In particular, the document accuses the European Union of enacting policies "that undermine political liberty and sovereignty, migration policies that are transforming the continent and creating strife, censorship of free speech and suppression of political opposition, cratering birthrates, and loss of national identities and self-confidence."

The document goes on to claim that "should present trends continue, the continent will be unrecognizable in 20 years or less," while emphasizing that US policy is to help "Europe to remain European, to regain its civilizational self-confidence, and to abandon its failed focus on regulatory suffocation."

Jon Henley, Europe correspondent for the Guardian, noted in a Friday report that the document "appears to espouse the racist 'great replacement' conspiracy theory, saying several countries risk becoming 'majority non-European.'" Henley added that the document "underscores the Trump administration's clear alignment with Europe’s far-right nationalist parties, whose policies centre on attacking supposed EU overreach and excessive non-EU migration."

Scott Horton, legal affairs and national security contributor to Harper's and an adjunct professor at Columbia Law School, wrote on Bluesky that the document "reads like something written by Vladimir Putin," given its depiction of Europe as being "degenerate and... racially adulterated through the in-migration of dark-skinned people."
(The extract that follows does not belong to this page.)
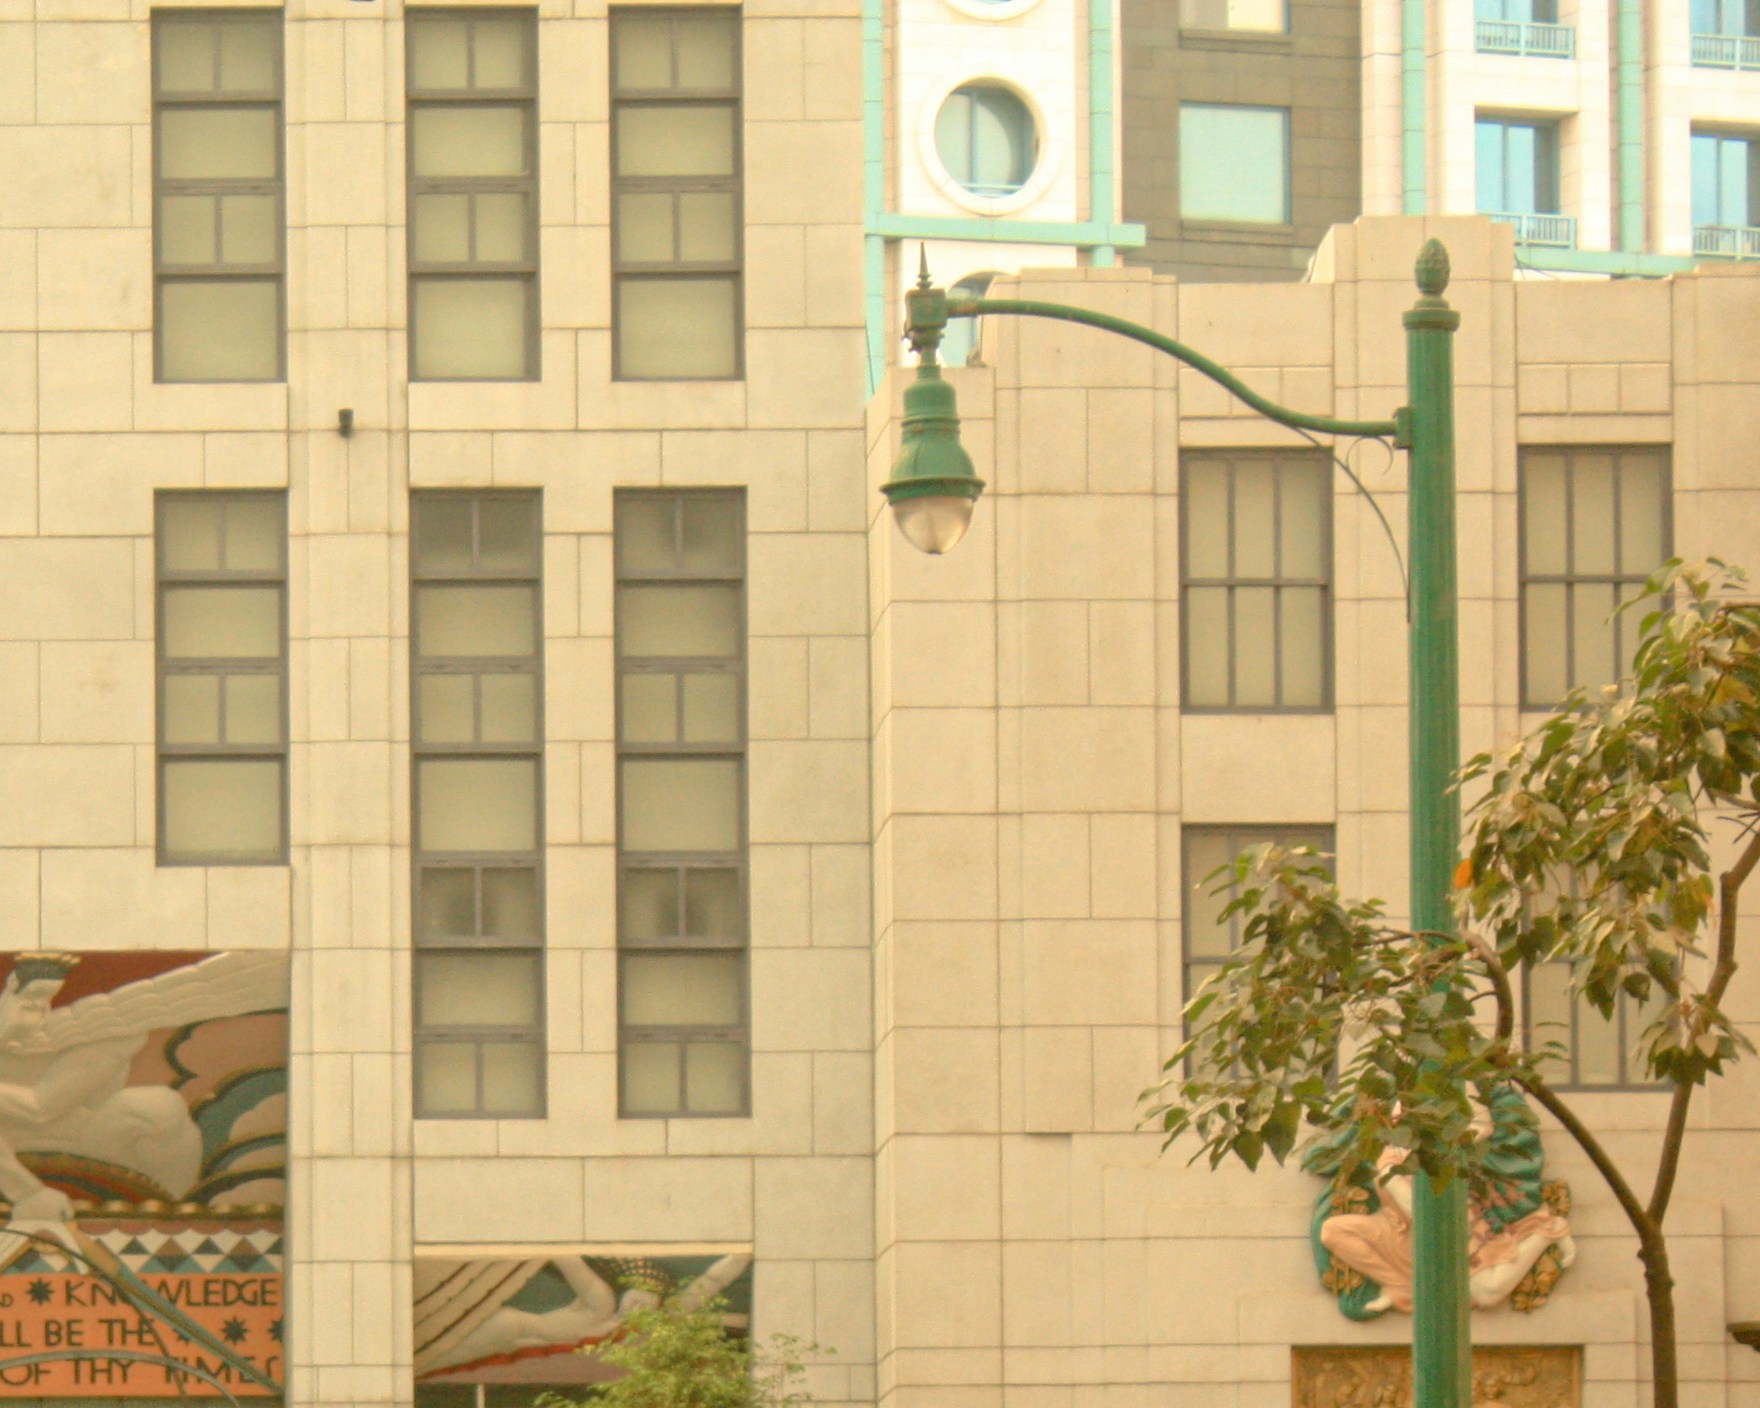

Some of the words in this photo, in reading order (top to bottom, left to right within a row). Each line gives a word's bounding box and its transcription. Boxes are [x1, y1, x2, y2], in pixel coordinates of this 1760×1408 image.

Progressive activist Max Berger argued that the document "contains some pretty explicit white nationalism." He pointed to the document's support for dismantling diversity, equity, and inclusion (DEI) initiatives as a way to restore "a culture of competence."

Berger also flagged a section in the document that named "ending mass migration" as the top US national security priority, which he described as "a pretty explicit defense of using the state as a means of enforcing white supremacy."

Edmund Luce, a columnist for the Financial Times, also took note of the administration's emphasis on "competence and merit" in the document. This is ironic, Luce continued, because "this administration personifies the opposites" of those traits.

Journalist Michael Weiss argued in a post on X that the document shows that it is now official US policy to promote and assist far-right parties in Europe.

"[US Vice President] JD Vance's intervention in Germany's election, on behalf of [far-right party Alternative für Deutschland], was not a one-off," he wrote. "It is now ingrained in the U.S. National Security Strategy... Europe is be treated as enemy terrain to be destabilized by America's enabling of far-right parties."